С этого времени на нее обильно посыпались неприятности: почти каждый раз, когда она входила в рабочую комнату брата, к ногам ее падали какие-то брусья, доски, инструменты, задевая то плечо, то голову ее, отбивая ей пальцы, — горбун всегда предупреждал ее криком:
— Берегись!
Но — всегда опаздывал, и она испытывала боль. Однажды, прихрамывая, она подскочила к нему, бледная, злая, крикнула в лицо ему:
— Ты нарочно делаешь это, урод! — и ударила его по щеке.
Ноги у него были слабые, он упал и, сидя на полу, тихо, без слез и без обиды сказал ей:
— Как ты можешь думать это? Ведь ты любишь меня— не правда ли? Ты меня любишь?
Она убежала, охая, потом пришла объясняться.
— Видишь ли — раньше этого не было…
— И этого тоже, — спокойно заметил он, сделав длинной рукою широкий круг: в углах комнаты были нагромождены доски, ящики, всё имело очень хаотичный вид, столярный и токарный станки у стен были завалены деревом.

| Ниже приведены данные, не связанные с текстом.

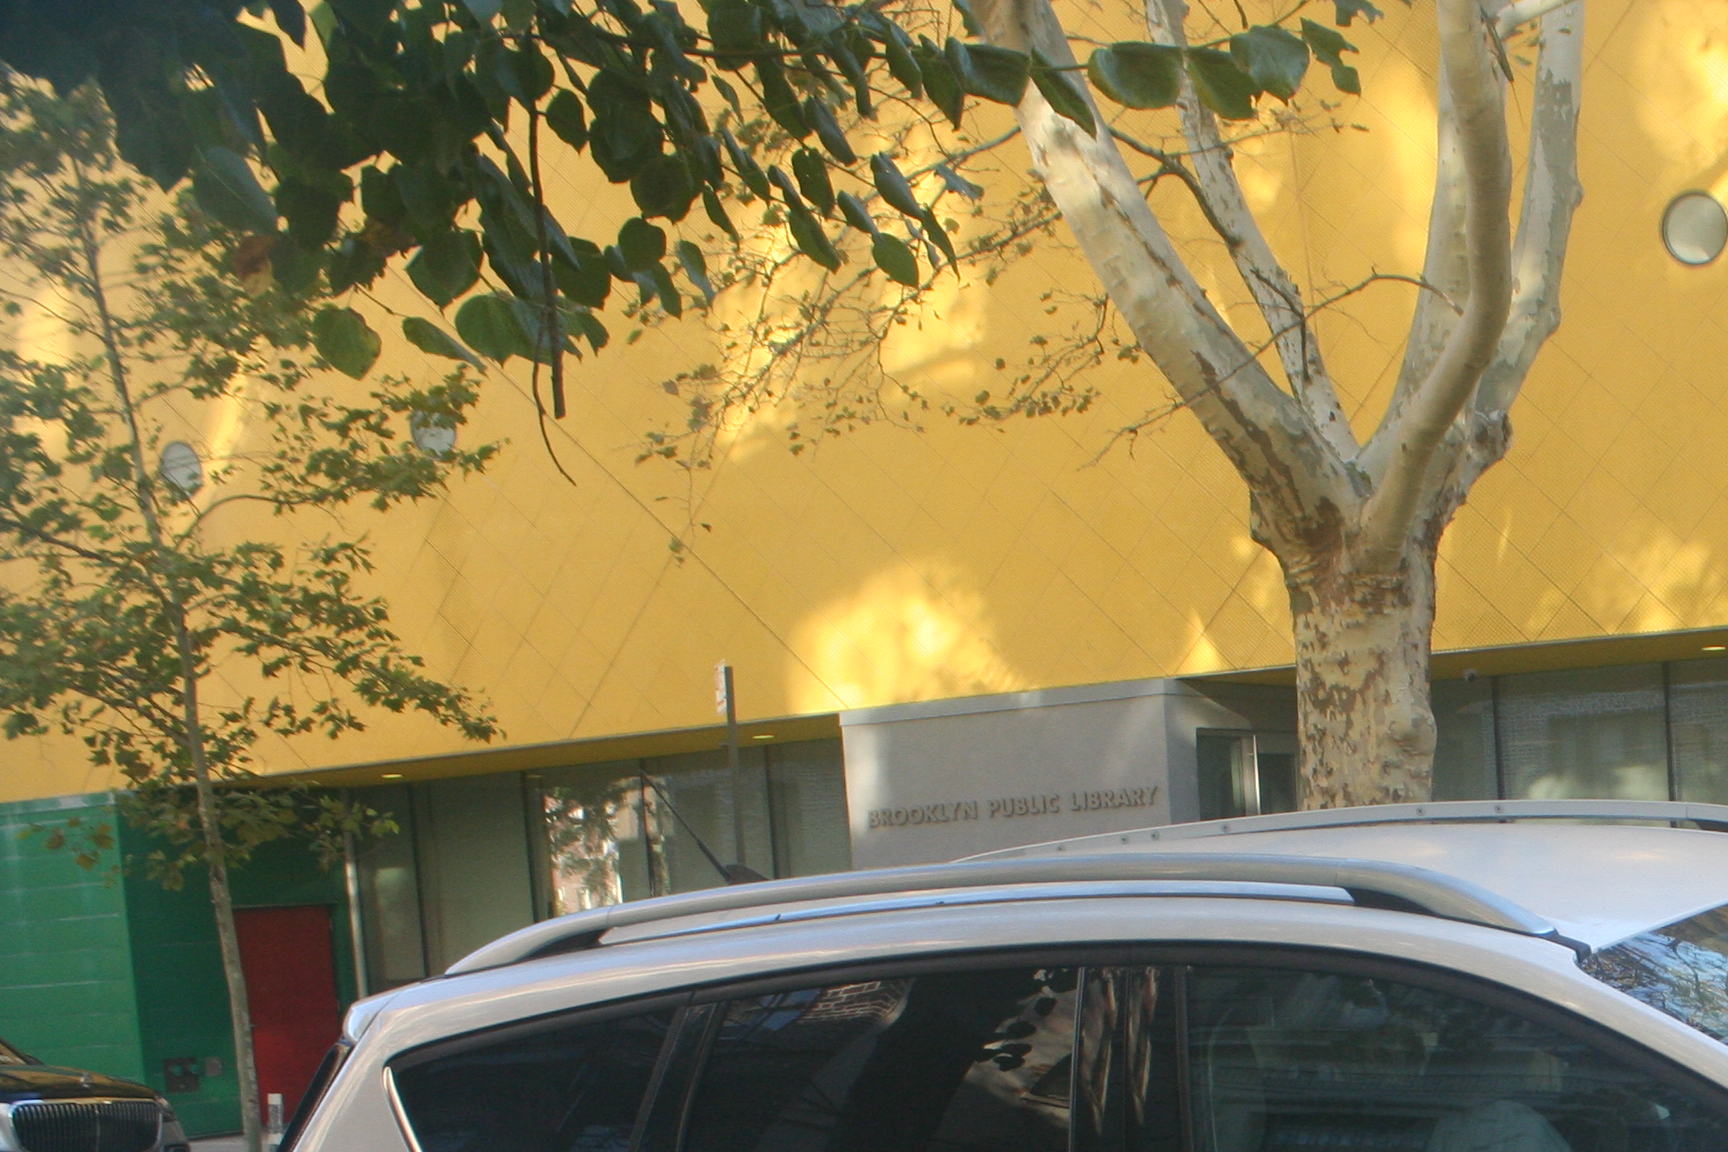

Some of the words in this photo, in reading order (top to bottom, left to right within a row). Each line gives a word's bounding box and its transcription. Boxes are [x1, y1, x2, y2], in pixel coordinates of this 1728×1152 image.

[868, 800, 978, 828] BROOKLYN
[988, 793, 1060, 818] PUBLIC
[1071, 786, 1159, 812] LIBRARY

— Зачем ты натаскал столько этой дряни? — спросила она, брезгливо и недоверчиво оглядываясь.
— Ты увидишь!
Он уже начал строить: сделал домик для кроликов и конуру для собаки, придумывал крысоловку, — сестра ревниво следила за его работами и за столом с гордостью рассказывала о них матери и отцу, — отец, одобрительно кивая головою, говорил:
— Всё началось с мелочей, и всегда всё так начинается!
А мать, обнимая ее, спрашивала сына:
— Ты понимаешь, как надо ценить ее заботы о тебе?
— Да, — отзывался горбун.
Когда он сделал крысоловку, то позвал сестру к себе и, показывая ей неуклюжее сооружение, сказал:
— Это уже не игрушка, и можно взять патент! Смотри — как просто и сильно, дотронься здесь.

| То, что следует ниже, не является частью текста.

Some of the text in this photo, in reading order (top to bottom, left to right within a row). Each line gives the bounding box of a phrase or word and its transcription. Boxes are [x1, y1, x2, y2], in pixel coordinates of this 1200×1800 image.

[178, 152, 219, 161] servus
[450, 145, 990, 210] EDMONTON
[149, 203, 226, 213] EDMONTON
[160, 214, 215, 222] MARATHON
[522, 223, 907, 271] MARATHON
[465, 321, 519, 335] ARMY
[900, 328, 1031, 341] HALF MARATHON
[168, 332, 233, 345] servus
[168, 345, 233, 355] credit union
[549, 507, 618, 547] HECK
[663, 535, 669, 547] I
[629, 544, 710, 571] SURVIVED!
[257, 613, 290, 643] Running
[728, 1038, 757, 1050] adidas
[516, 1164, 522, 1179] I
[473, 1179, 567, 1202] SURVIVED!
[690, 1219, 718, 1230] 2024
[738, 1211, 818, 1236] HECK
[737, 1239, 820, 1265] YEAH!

Девушка дотронулась, что-то хлопнуло, и она дико закричала, а горбун, прыгая вокруг нее, бормотал:
— О, не та, не та…
Прибежала мать, явились слуги. Разломали аппарат для ловли крыс, освободили прищемленный, посиневший палец девушки и унесли ее в обмороке.
Вечером его позвали к сестре, и она спросила:
— Ты сделал это нарочно, ты ненавидишь меня, — за что?
Встряхивая горбом, он отвечал, тихо и спокойно:
— Просто ты дотронулась не тою рукой.
— Ты — лжешь!
— Но — зачем я стану портить тебе руки? Ведь это даже не та рука, которой ты ударила меня…
— Смотри, урод, ты не умнее меня!..
Он согласился:
— Я знаю.
Угловатое лицо его было, как всегда, спокойно, глаза смотрели сосредоточенно — не верилось, что он зол и может лгать.
После этого она стала не так часто заходить к нему. Ее посещали подруги — шумные девочки в разноцветных платьях, они славно бегали по большим, немножко холодным и угрюмым комнатам, — картины, статуи, цветы и позолота — всё становилось теплее при них. Иногда сестра приходила с ними в его комнату, — они чопорно протягивали ему маленькие пальчики с розовыми ногтями, дотрагиваясь до его руки так осторожно, точно боялись сломать ее. Разговаривали они с ним особенно кротко и ласково, с удивлением, но без интереса осматривая горбуна среди его инструментов, чертежей, кусков дерева и стружек. Он знал, что все девочки зовут его «изобретателем», — это сестра внушила им, — и что от него ждут в будущем чего-то, что должно прославить имя его отца, — сестра говорила об этом уверенно.
— Он, конечно, некрасив, но — очень умный, — часто напоминала она.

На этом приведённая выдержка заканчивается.